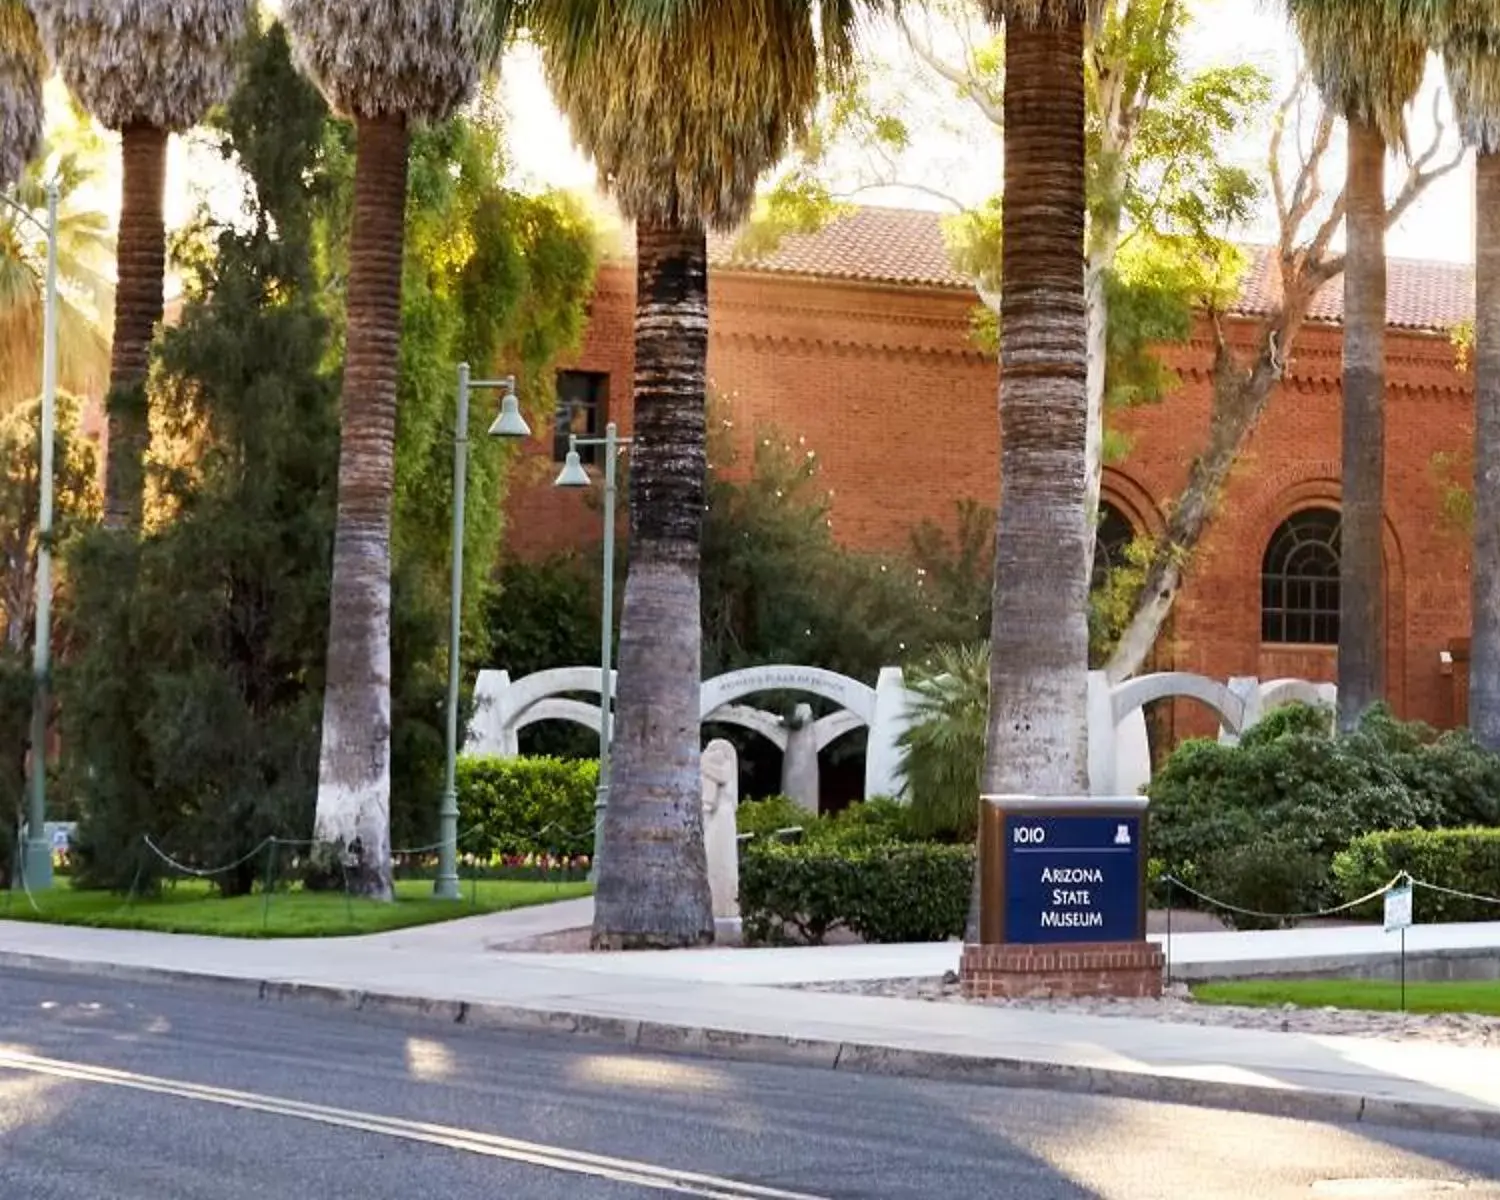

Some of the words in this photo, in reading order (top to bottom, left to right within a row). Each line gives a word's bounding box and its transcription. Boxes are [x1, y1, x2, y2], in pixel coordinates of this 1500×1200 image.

[1013, 826, 1045, 844] 1010
[1041, 867, 1103, 883] ARIZONA
[1053, 889, 1091, 905] STATE
[1041, 911, 1103, 927] MUSEUM
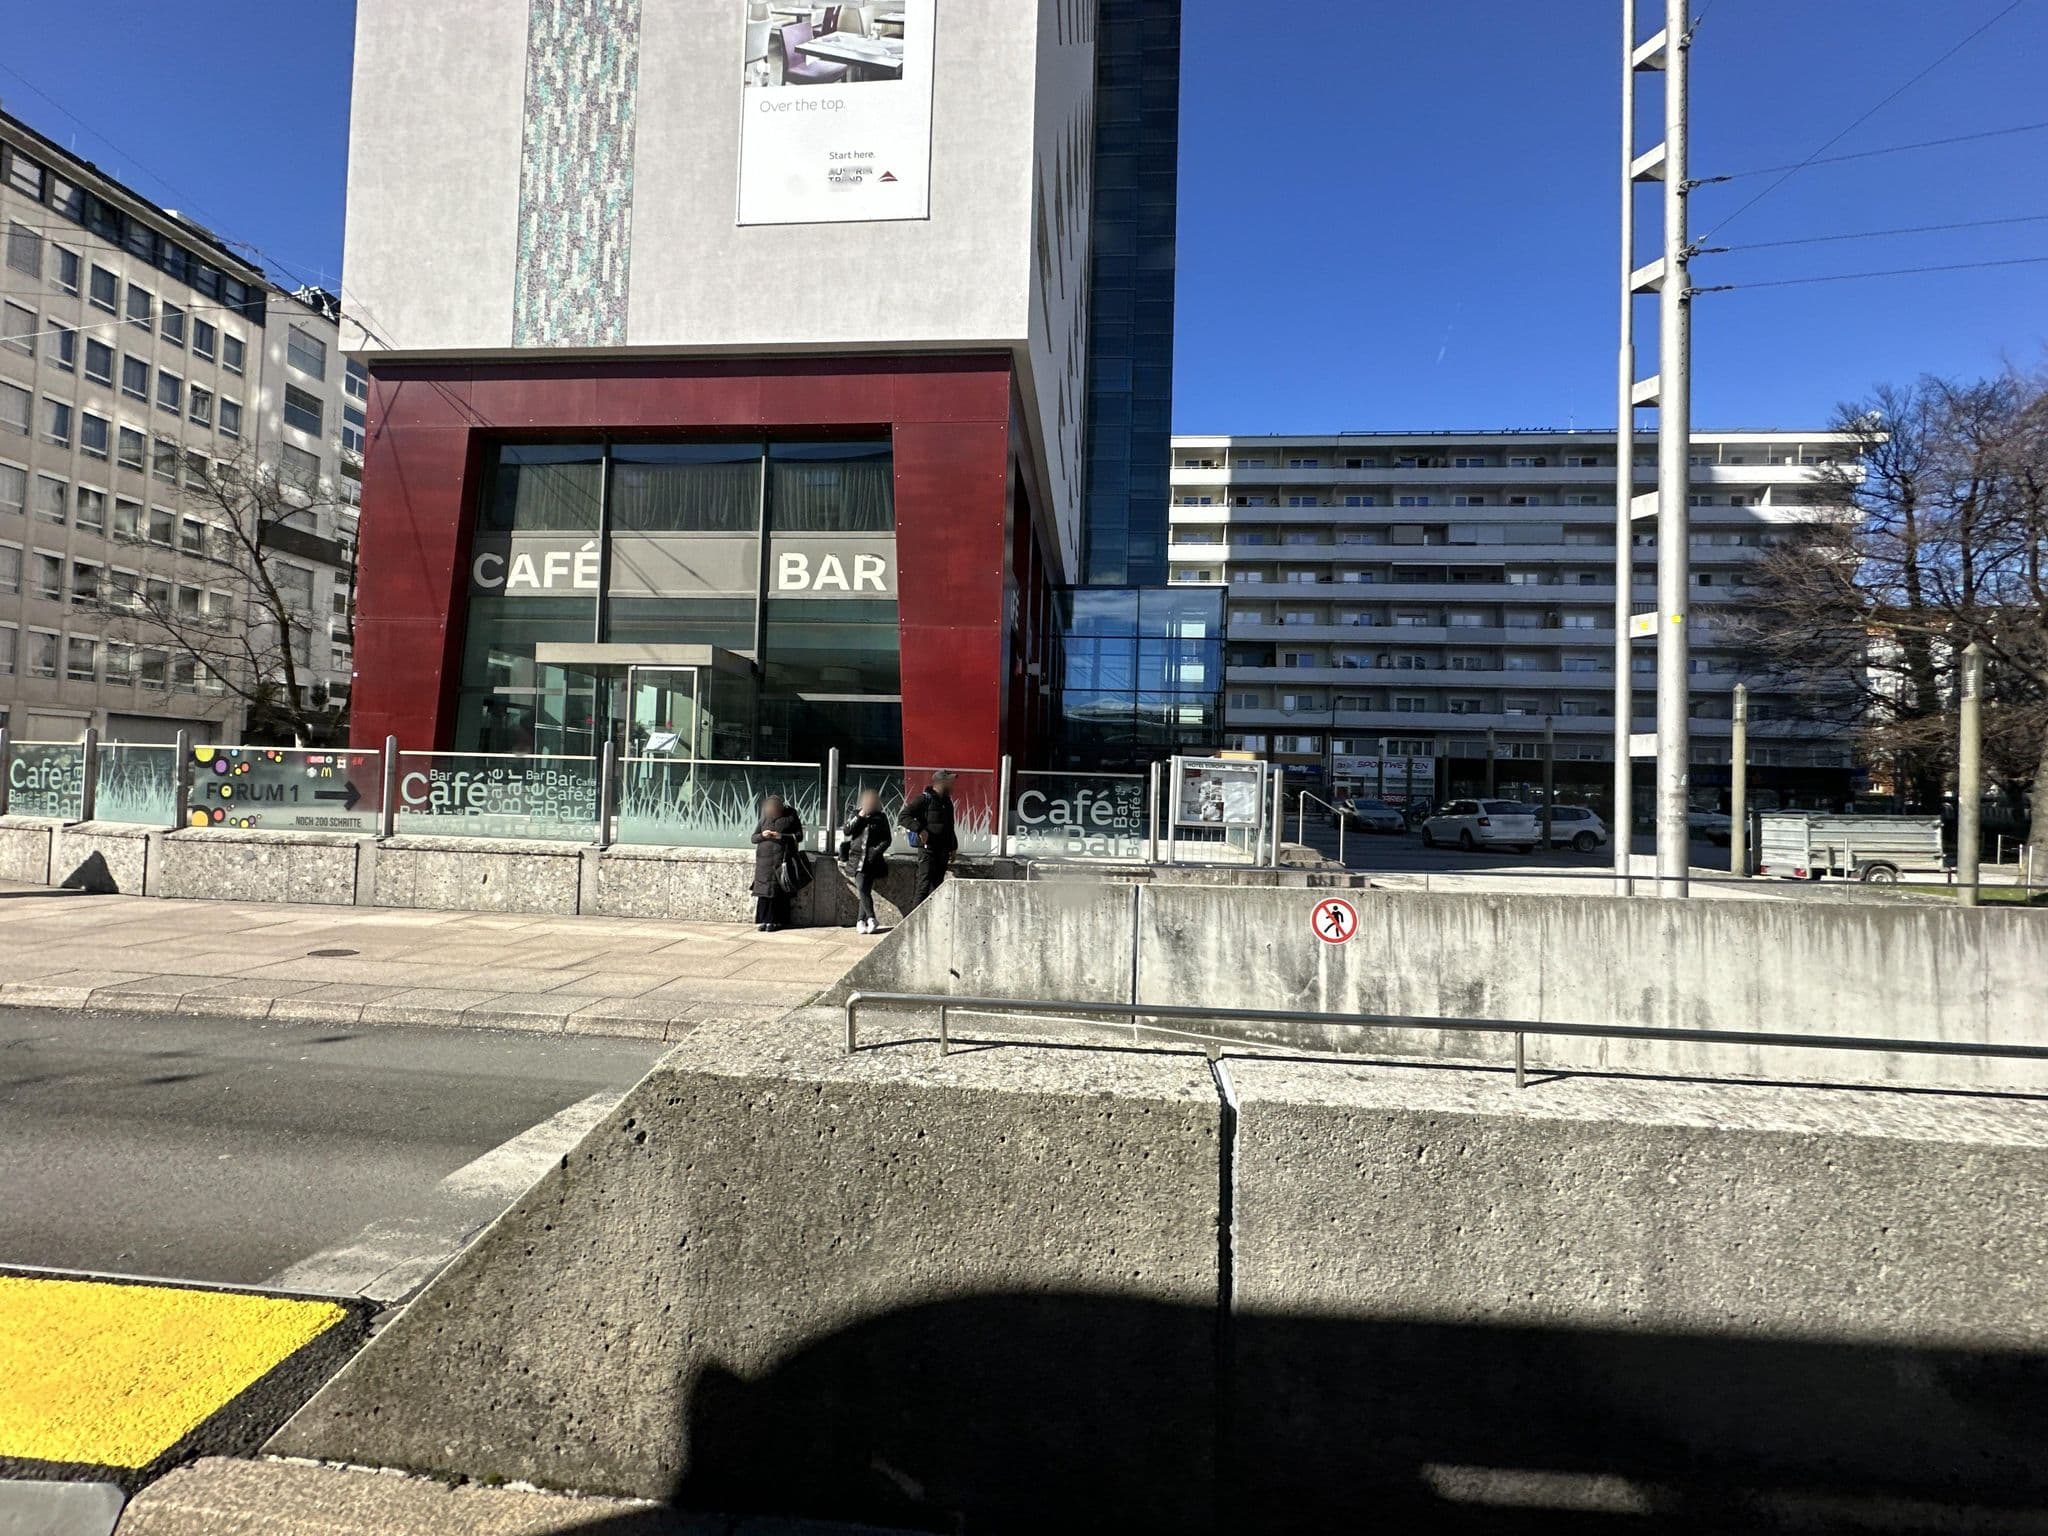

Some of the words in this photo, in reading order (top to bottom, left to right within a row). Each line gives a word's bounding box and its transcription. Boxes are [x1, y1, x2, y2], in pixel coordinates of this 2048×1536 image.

[760, 100, 792, 112] Over
[795, 99, 818, 111] the
[822, 98, 846, 112] top.
[829, 151, 852, 160] Start
[854, 150, 875, 159] here.
[473, 540, 600, 588] CAFÉ
[778, 552, 888, 591] BAR
[10, 757, 62, 790] Café
[430, 769, 452, 781] Bar
[526, 770, 545, 780] Bar
[546, 770, 577, 787] Bar
[9, 789, 26, 803] Bar
[206, 782, 284, 802] FORUM
[290, 784, 300, 802] 1
[401, 771, 488, 806] Café
[487, 768, 504, 813] Café
[502, 769, 523, 813] Bar
[546, 785, 583, 801] Café
[47, 791, 81, 818] Bar
[545, 800, 584, 820] Bar
[1017, 789, 1114, 826] Café
[1113, 796, 1129, 828] Bar
[1129, 797, 1141, 828] Café
[295, 816, 314, 826] NOCH
[315, 817, 329, 827] 200
[330, 817, 362, 828] SCHRITTE
[1063, 825, 1129, 857] Bar
[1126, 829, 1140, 857] Bar
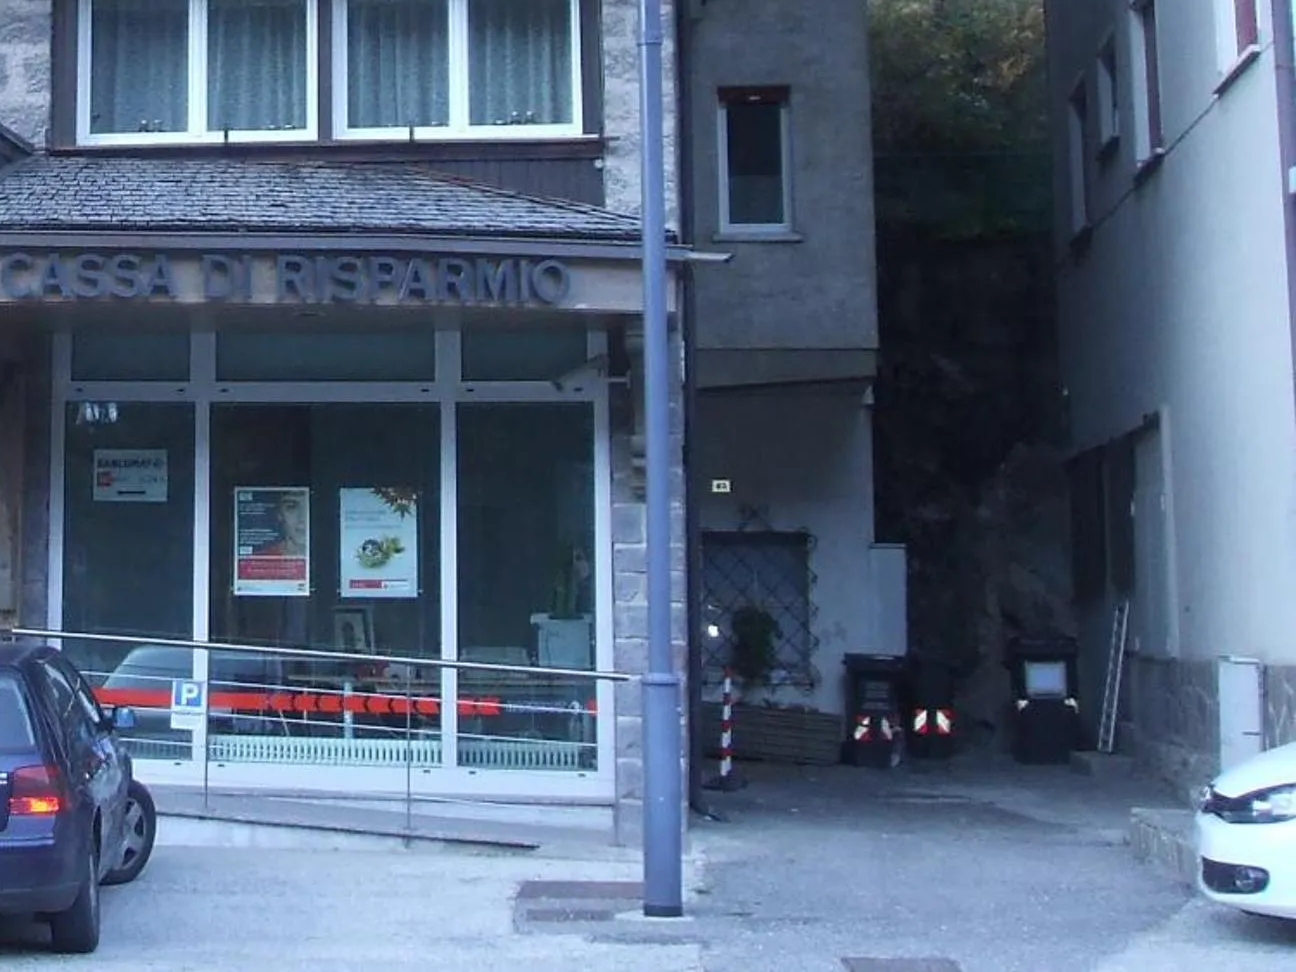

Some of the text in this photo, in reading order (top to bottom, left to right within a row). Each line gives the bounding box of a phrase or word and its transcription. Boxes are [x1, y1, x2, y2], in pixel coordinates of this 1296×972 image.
------------
→ **Brief**
Transcribe each entry above without alteration, but keep the pictures out.

→ **Answer section**
Some of the words in this photo, in reading order (top to bottom, left to right within a row). Each line gives a word's bounding box and its transcription. Boxes are [x1, y1, x2, y2], in pixel coordinates of this 1500×1200 image.

[1013, 826, 1045, 844] 1010
[1041, 867, 1103, 883] ARIZONA
[1053, 889, 1091, 905] STATE
[1041, 911, 1103, 927] MUSEUM

Some of the words in this photo, in reading order (top to bottom, left to right within a row). Each line gives a word's bounding box and its transcription. Boxes are [x1, y1, x2, y2], in pixel coordinates of this 2048×1536 image.

[760, 100, 792, 112] Over
[795, 99, 818, 111] the
[822, 98, 846, 112] top.
[829, 151, 852, 160] Start
[854, 150, 875, 159] here.
[473, 540, 600, 588] CAFÉ
[778, 552, 888, 591] BAR
[10, 757, 62, 790] Café
[430, 769, 452, 781] Bar
[526, 770, 545, 780] Bar
[546, 770, 577, 787] Bar
[9, 789, 26, 803] Bar
[206, 782, 284, 802] FORUM
[290, 784, 300, 802] 1
[401, 771, 488, 806] Café
[487, 768, 504, 813] Café
[502, 769, 523, 813] Bar
[546, 785, 583, 801] Café
[47, 791, 81, 818] Bar
[545, 800, 584, 820] Bar
[1017, 789, 1114, 826] Café
[1113, 796, 1129, 828] Bar
[1129, 797, 1141, 828] Café
[295, 816, 314, 826] NOCH
[315, 817, 329, 827] 200
[330, 817, 362, 828] SCHRITTE
[1063, 825, 1129, 857] Bar
[1126, 829, 1140, 857] Bar

Some of the text in this photo, in reading order (top to bottom, left to right within a row). Each line gives the bounding box of a phrase or word and its transcription. Boxes are [x1, y1, x2, y2], in pixel coordinates of this 1296×972 image.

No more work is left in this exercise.